═══ AVAILABLE RECORDS
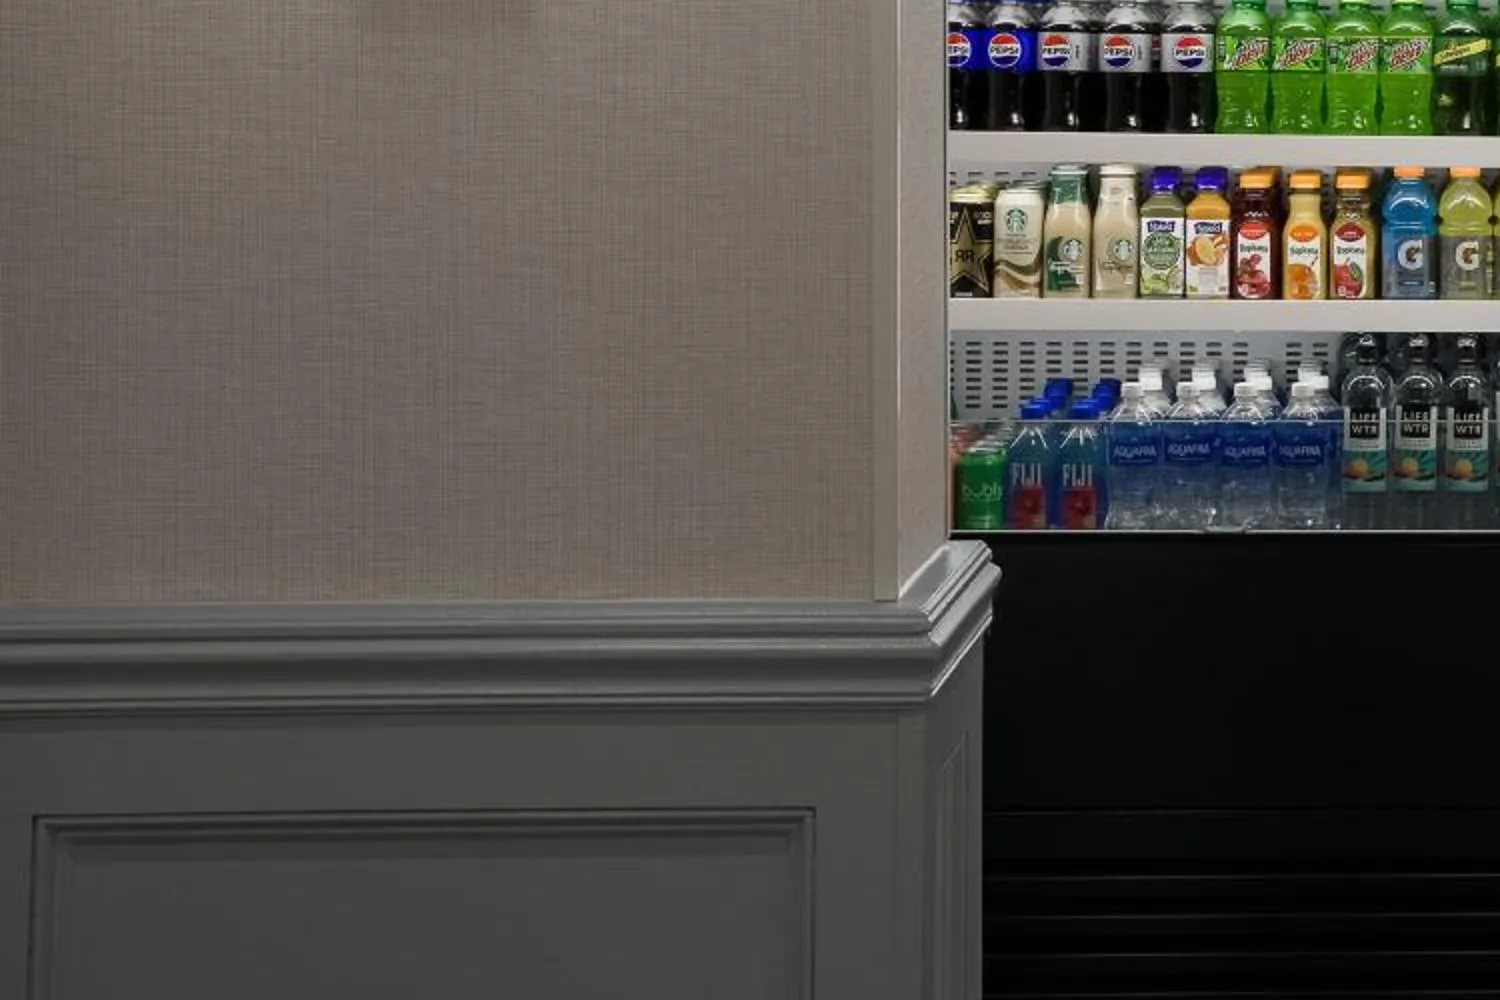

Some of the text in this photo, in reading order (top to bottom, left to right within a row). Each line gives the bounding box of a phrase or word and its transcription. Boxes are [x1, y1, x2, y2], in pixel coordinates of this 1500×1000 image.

[1397, 239, 1423, 270] G
[1455, 241, 1480, 271] G
[1352, 424, 1377, 434] WTR
[1403, 424, 1429, 434] WTR
[1456, 424, 1480, 434] WTR
[1012, 463, 1042, 487] FIJI
[1062, 463, 1092, 487] FIJI
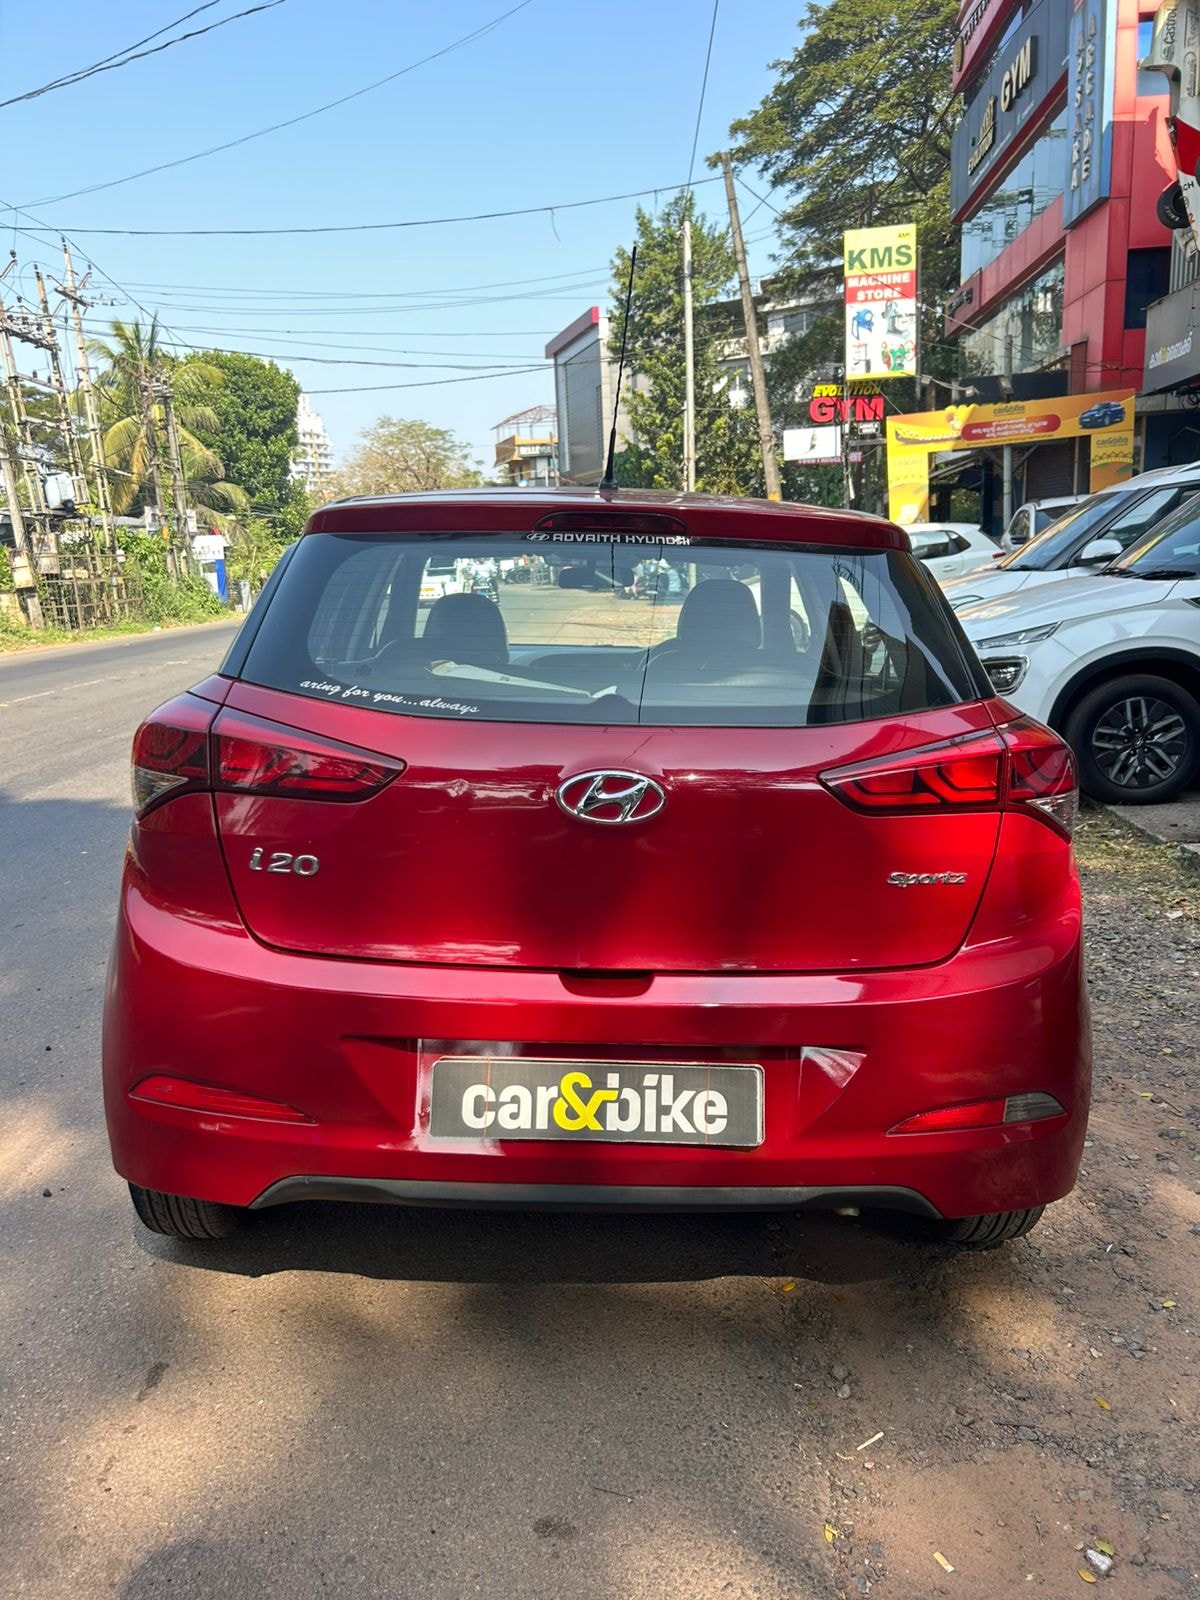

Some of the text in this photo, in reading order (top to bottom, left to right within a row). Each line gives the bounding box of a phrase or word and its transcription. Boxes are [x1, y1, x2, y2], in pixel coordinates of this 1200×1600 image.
══════
*WHAT TO WORK ON*: Excluding the images, return each record above precisely as written.

*EXERCISE ANSWER*:
Some of the text in this photo, in reading order (top to bottom, left to right within a row). Each line gives the bounding box of a phrase or word and its transcription. Boxes are [x1, y1, x2, y2], in pixel coordinates of this 1500×1000 image.

[1397, 239, 1423, 270] G
[1455, 241, 1480, 271] G
[1352, 424, 1377, 434] WTR
[1403, 424, 1429, 434] WTR
[1456, 424, 1480, 434] WTR
[1012, 463, 1042, 487] FIJI
[1062, 463, 1092, 487] FIJI

Some of the text in this photo, in reading order (top to bottom, left to right within a row). Each line gives the bounding box of a phrase or word and its transcription. Boxes are [x1, y1, x2, y2], in pixel coordinates of this 1200×1600 image.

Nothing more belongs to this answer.